The Kinchafoonee Regional Library System (KRLS) is a public library system serving the counties of Calhoun, Clay, Quitman, Randolph, Terrell, and Webster, in the state of Georgia. The headquarters of the library system is the Terrell County Public Library in Dawson.

KRLS is a member of PINES, a program of the Georgia Public Library Service that covers 53 library systems in 143 counties of Georgia. Any resident in a PINES supported library system has access to the system's collection of 10.6 million books. The library is also serviced by GALILEO, a program of the University System of Georgia which stands for "GeorgiA LIbrary LEarning Online". This program offers residents in supported libraries access to over 100 databases indexing thousands of periodicals and scholarly journals. It also boasts over 10,000 journal titles in full text.

==Carnegie libraries==
The Dawson Library Association was formed in 1906 as an outgrowth of the Wednesday Afternoon Club. The members of the group purportedly "loved literature and desired to do something permanent." For the initial years the library was housed in the upstairs of a drug store in town, though this was moved to the city council room over the fire department by around 1910.
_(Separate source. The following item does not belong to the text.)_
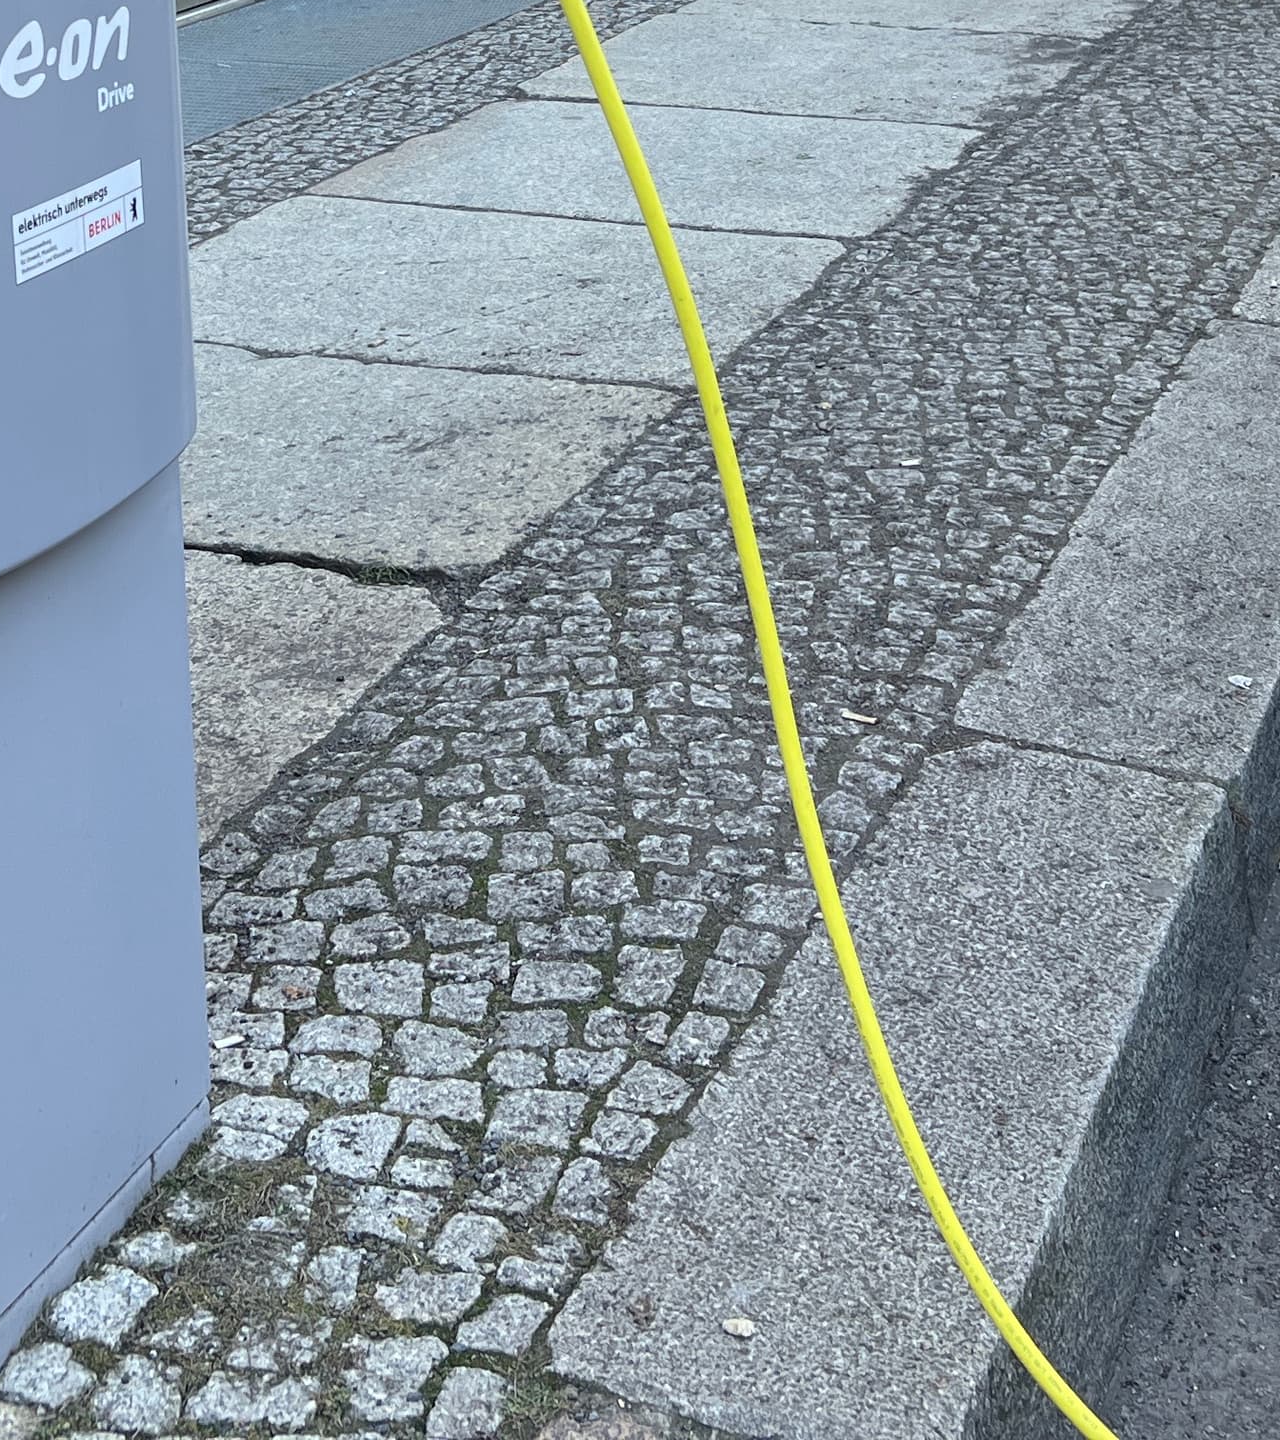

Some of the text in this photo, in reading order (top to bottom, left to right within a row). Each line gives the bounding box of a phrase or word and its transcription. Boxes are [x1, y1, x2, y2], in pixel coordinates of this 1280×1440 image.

[97, 81, 135, 112] Drive
[18, 186, 108, 234] elektrisch unterwegs
[87, 210, 122, 238] BERLIN
During the 1950s and 1960s the regional system began adding library service to more counties. Calhoun County joined the system in 1953, and Lee County in 1954. Both Randolph and Webster counties joined in 1961, and the last county to join the system was Clay County in 1966. In 1995 Lee County Library left the system to create its own single county public library service.

===Cuthbert Carnegie Library===
At the turn of the 20th century industrialist Andrew Carnegie began investing money into public libraries throughout the United States. In 1913 the Woman's Club of Cuthbert, realizing a need for a library in town, petitioned Carnegie for funds to construct their own public library. On May 17, 1912 the club heard back from the Carnegie Foundation and were awarded $7,000 to construct the building on the condition the town of Cuthbert pay $700 per year for maintenance and upkeep from then on. Construction of the building commenced on October 17, 1917 and finished the following year on September 5, 1918. This library was used until 1997 when Randolph County constructed a new building in Cuthbert Square. The building is currently used to house the Randolph County Chamber of Commerce.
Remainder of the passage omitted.